## PROBLEM REQUIREMENTS
Print everything in the records exactly. Leave the pictures out.

## DATA RECORDS

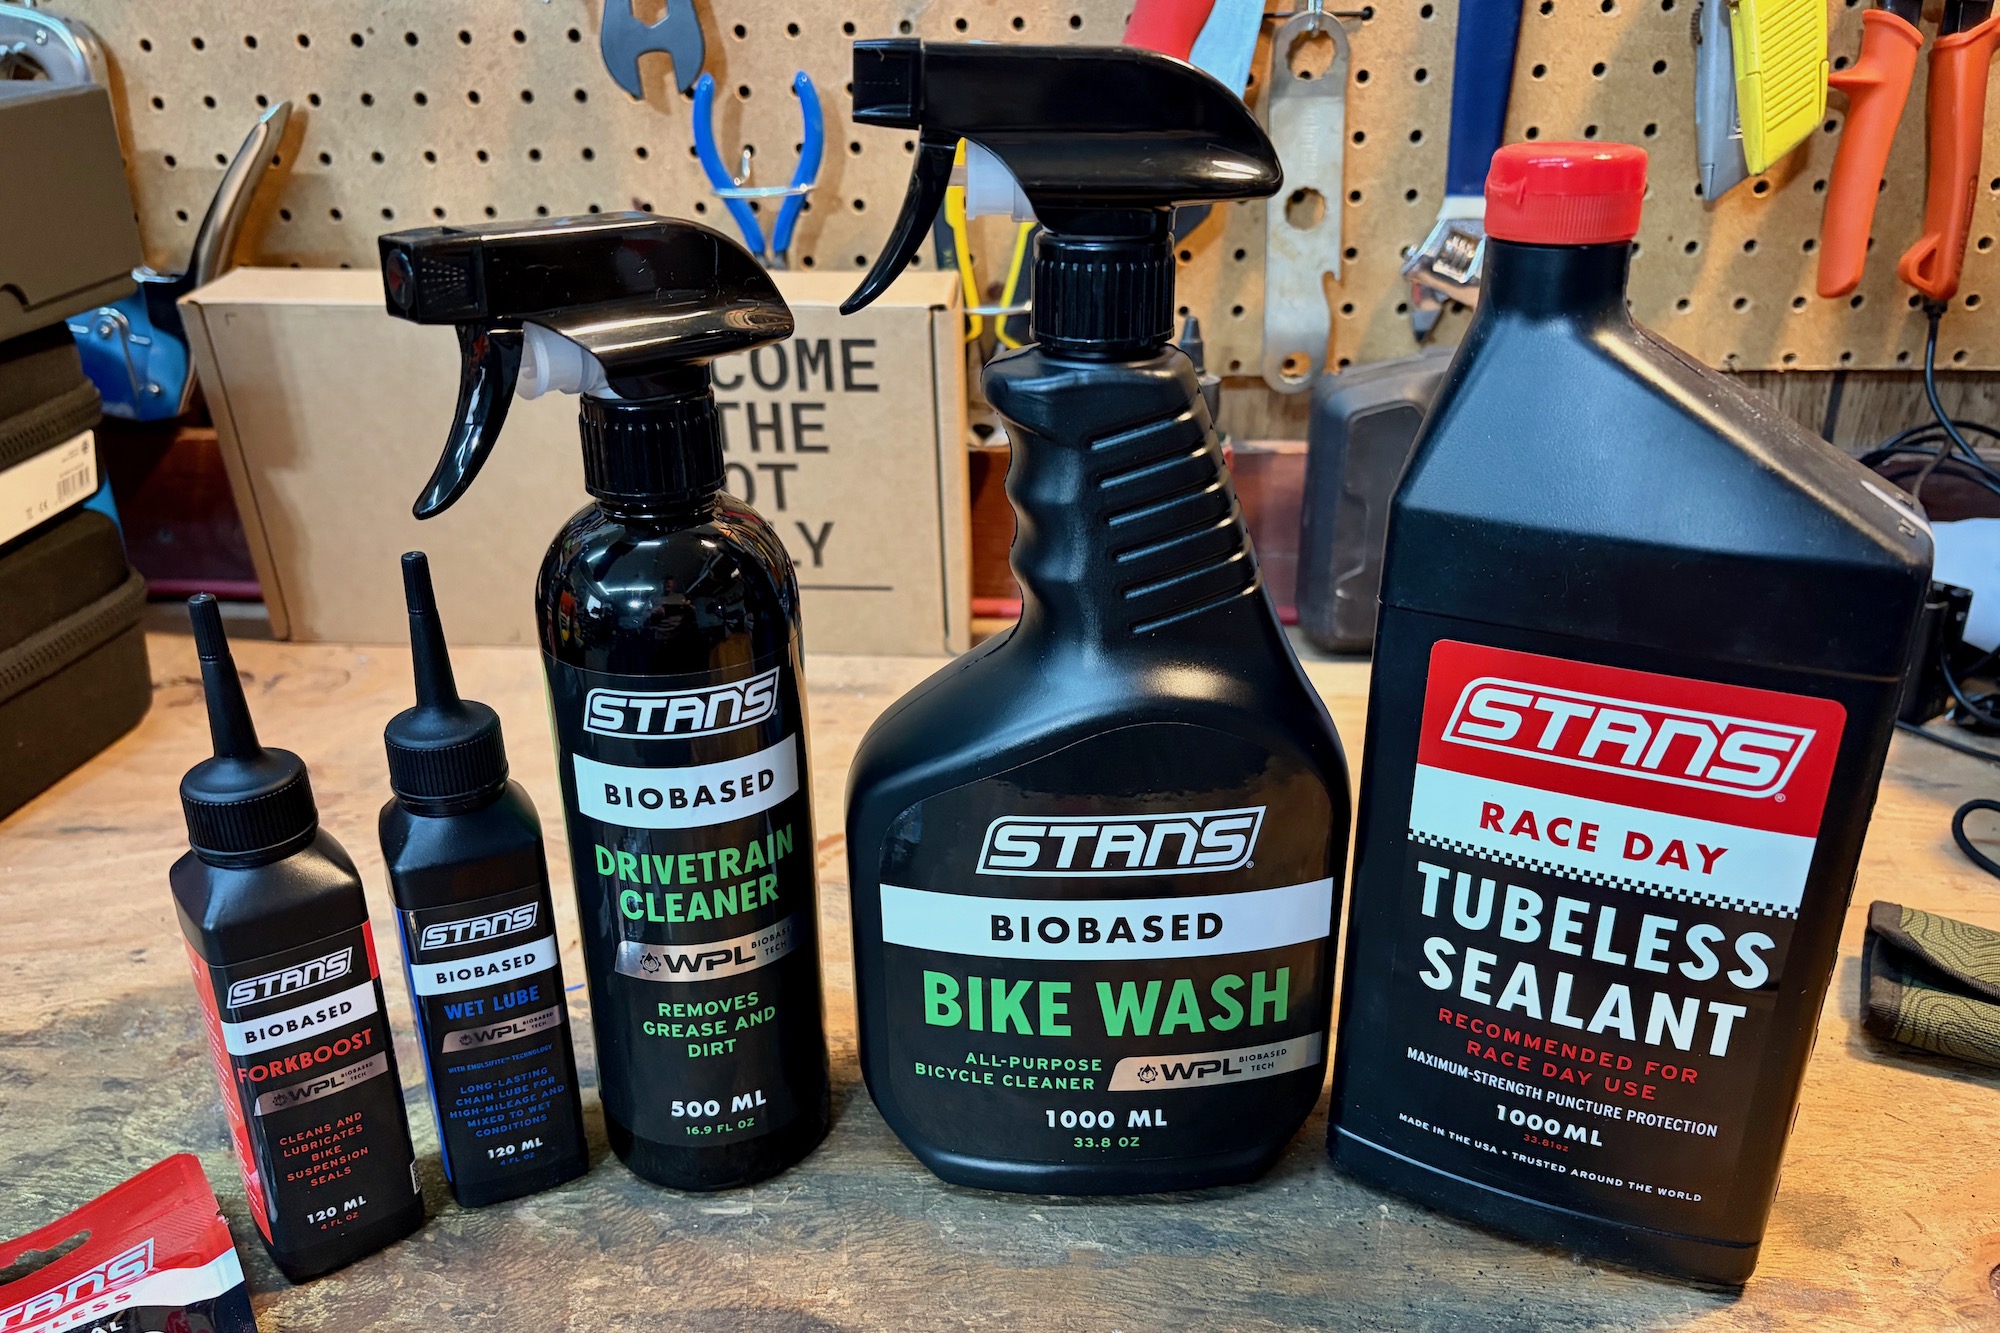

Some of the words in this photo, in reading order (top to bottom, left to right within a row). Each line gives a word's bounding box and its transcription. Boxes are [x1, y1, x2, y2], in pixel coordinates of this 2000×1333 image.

[711, 338, 879, 393] COME
[604, 768, 774, 810] BIOBASED
[1479, 801, 1600, 852] RACE
[1622, 831, 1729, 876] DAY
[594, 823, 793, 885] DRIVETRAIN
[619, 873, 779, 923] CLEANER
[751, 923, 795, 949] BIOBASE
[990, 912, 1223, 944] BIOBASED
[1417, 860, 1776, 990] TUBELESS
[663, 945, 756, 974] WPL
[765, 941, 787, 956] TECH
[436, 953, 536, 984] BIOBASED
[445, 999, 485, 1020] WET
[494, 985, 540, 1013] LUBE
[658, 991, 759, 1018] REMOVES
[923, 970, 1073, 1037] BIKE
[1095, 966, 1290, 1037] WASH
[1418, 935, 1747, 1058] SEALANT
[244, 1001, 352, 1044] BIOBASED
[473, 1023, 526, 1044] WPL
[531, 1020, 547, 1030] TECH
[643, 1020, 727, 1038] GREASE
[734, 1006, 776, 1031] AND
[237, 1028, 372, 1084] FORKBOOST
[687, 1038, 737, 1058] DIRT
[1239, 1047, 1287, 1063] BIOBASED
[1438, 1007, 1633, 1072] RECOMMENDED
[1644, 1061, 1699, 1084] FOR
[448, 1066, 466, 1074] WITH
[965, 1051, 1102, 1072] ALL-PURPOSE
[1160, 1056, 1242, 1081] WPL
[1251, 1061, 1274, 1072] TECH
[1466, 1040, 1531, 1072] RACE
[1542, 1063, 1593, 1087] DAY
[1603, 1077, 1658, 1101] USE
[288, 1076, 345, 1099] WPL
[460, 1067, 548, 1095] LONG-LASTING
[915, 1062, 994, 1086] BICYCLE
[1002, 1073, 1095, 1091] CLEANER
[449, 1094, 537, 1119] HIGH-MILEAGE
[542, 1084, 565, 1098] AND
[455, 1093, 494, 1107] CHAIN
[499, 1084, 529, 1099] LUBE
[533, 1076, 555, 1089] FOR
[671, 1099, 721, 1117] 500
[731, 1089, 767, 1113] ML
[1407, 1046, 1542, 1101] MAXIMUM-STRENGTH
[1546, 1091, 1622, 1120] PUNCTURE
[1626, 1110, 1718, 1138] PROTECTION
[279, 1123, 332, 1146] CLEANS
[336, 1112, 363, 1128] AND
[467, 1114, 505, 1128] MIXED
[509, 1109, 524, 1119] TO
[528, 1101, 552, 1114] WET
[475, 1113, 548, 1138] CONDITIONS
[686, 1126, 712, 1136] 16.9
[717, 1124, 733, 1134] FL
[738, 1118, 755, 1128] OZ
[1045, 1109, 1115, 1129] 1000
[1127, 1109, 1168, 1127] ML
[283, 1124, 364, 1158] LUBRICATES
[311, 1145, 343, 1162] BIKE
[487, 1144, 516, 1159] 120
[521, 1137, 544, 1151] ML
[1073, 1136, 1111, 1148] 33.8
[1119, 1136, 1140, 1148] OZ
[286, 1147, 369, 1182] SUSPENSION
[1399, 1113, 1430, 1133] MADE
[1432, 1126, 1446, 1137] IN
[1448, 1130, 1472, 1146] THE
[1474, 1139, 1498, 1156] USA
[1512, 1151, 1567, 1174] TRUSTED
[1570, 1168, 1624, 1188] AROUND
[1628, 1181, 1653, 1195] THE
[1657, 1187, 1703, 1203] WORLD
[310, 1166, 352, 1187] SEALS
[307, 1206, 337, 1224] 120
[343, 1195, 367, 1212] ML
[331, 1218, 343, 1227] FL
[345, 1211, 359, 1221] OZ
[0, 1247, 146, 1330] TANS
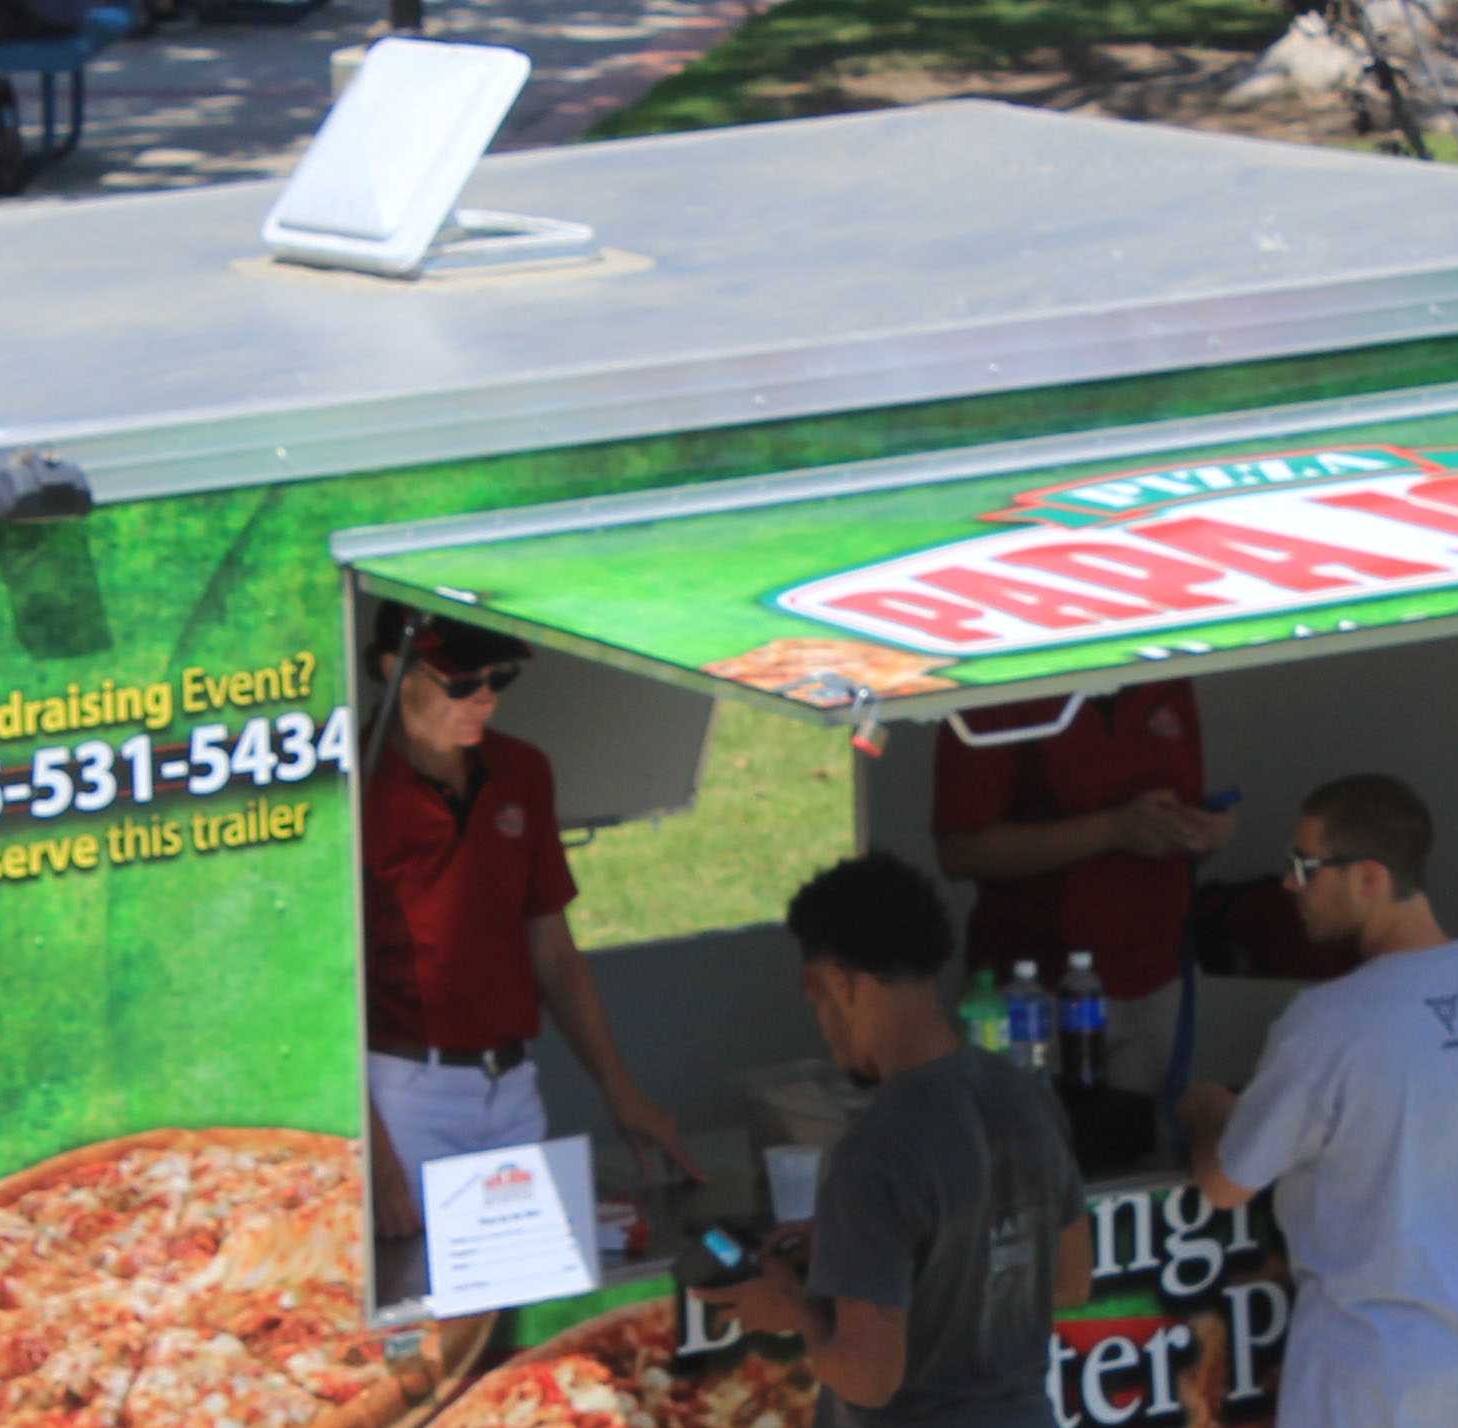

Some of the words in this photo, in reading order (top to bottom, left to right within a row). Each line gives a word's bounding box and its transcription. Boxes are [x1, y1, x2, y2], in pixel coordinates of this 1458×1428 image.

[819, 515, 1448, 645] PAPA
[181, 652, 316, 711] Event?
[107, 820, 182, 863] this
[191, 798, 310, 847] trailer

## EXPECTED ANSWER
Some of the words in this photo, in reading order (top to bottom, left to right within a row). Each line gives a word's bounding box and its transcription. Boxes are [x1, y1, x2, y2], in pixel coordinates of this 2000×1333 image.

[711, 338, 879, 393] COME
[604, 768, 774, 810] BIOBASED
[1479, 801, 1600, 852] RACE
[1622, 831, 1729, 876] DAY
[594, 823, 793, 885] DRIVETRAIN
[619, 873, 779, 923] CLEANER
[751, 923, 795, 949] BIOBASE
[990, 912, 1223, 944] BIOBASED
[1417, 860, 1776, 990] TUBELESS
[663, 945, 756, 974] WPL
[765, 941, 787, 956] TECH
[436, 953, 536, 984] BIOBASED
[445, 999, 485, 1020] WET
[494, 985, 540, 1013] LUBE
[658, 991, 759, 1018] REMOVES
[923, 970, 1073, 1037] BIKE
[1095, 966, 1290, 1037] WASH
[1418, 935, 1747, 1058] SEALANT
[244, 1001, 352, 1044] BIOBASED
[473, 1023, 526, 1044] WPL
[531, 1020, 547, 1030] TECH
[643, 1020, 727, 1038] GREASE
[734, 1006, 776, 1031] AND
[237, 1028, 372, 1084] FORKBOOST
[687, 1038, 737, 1058] DIRT
[1239, 1047, 1287, 1063] BIOBASED
[1438, 1007, 1633, 1072] RECOMMENDED
[1644, 1061, 1699, 1084] FOR
[448, 1066, 466, 1074] WITH
[965, 1051, 1102, 1072] ALL-PURPOSE
[1160, 1056, 1242, 1081] WPL
[1251, 1061, 1274, 1072] TECH
[1466, 1040, 1531, 1072] RACE
[1542, 1063, 1593, 1087] DAY
[1603, 1077, 1658, 1101] USE
[288, 1076, 345, 1099] WPL
[460, 1067, 548, 1095] LONG-LASTING
[915, 1062, 994, 1086] BICYCLE
[1002, 1073, 1095, 1091] CLEANER
[449, 1094, 537, 1119] HIGH-MILEAGE
[542, 1084, 565, 1098] AND
[455, 1093, 494, 1107] CHAIN
[499, 1084, 529, 1099] LUBE
[533, 1076, 555, 1089] FOR
[671, 1099, 721, 1117] 500
[731, 1089, 767, 1113] ML
[1407, 1046, 1542, 1101] MAXIMUM-STRENGTH
[1546, 1091, 1622, 1120] PUNCTURE
[1626, 1110, 1718, 1138] PROTECTION
[279, 1123, 332, 1146] CLEANS
[336, 1112, 363, 1128] AND
[467, 1114, 505, 1128] MIXED
[509, 1109, 524, 1119] TO
[528, 1101, 552, 1114] WET
[475, 1113, 548, 1138] CONDITIONS
[686, 1126, 712, 1136] 16.9
[717, 1124, 733, 1134] FL
[738, 1118, 755, 1128] OZ
[1045, 1109, 1115, 1129] 1000
[1127, 1109, 1168, 1127] ML
[283, 1124, 364, 1158] LUBRICATES
[311, 1145, 343, 1162] BIKE
[487, 1144, 516, 1159] 120
[521, 1137, 544, 1151] ML
[1073, 1136, 1111, 1148] 33.8
[1119, 1136, 1140, 1148] OZ
[286, 1147, 369, 1182] SUSPENSION
[1399, 1113, 1430, 1133] MADE
[1432, 1126, 1446, 1137] IN
[1448, 1130, 1472, 1146] THE
[1474, 1139, 1498, 1156] USA
[1512, 1151, 1567, 1174] TRUSTED
[1570, 1168, 1624, 1188] AROUND
[1628, 1181, 1653, 1195] THE
[1657, 1187, 1703, 1203] WORLD
[310, 1166, 352, 1187] SEALS
[307, 1206, 337, 1224] 120
[343, 1195, 367, 1212] ML
[331, 1218, 343, 1227] FL
[345, 1211, 359, 1221] OZ
[0, 1247, 146, 1330] TANS

Some of the words in this photo, in reading order (top to bottom, left to right within a row). Each line gives a word's bounding box and its transcription. Boxes are [x1, y1, x2, y2], in pixel coordinates of this 1458×1428 image.

[819, 515, 1448, 645] PAPA
[181, 652, 316, 711] Event?
[107, 820, 182, 863] this
[191, 798, 310, 847] trailer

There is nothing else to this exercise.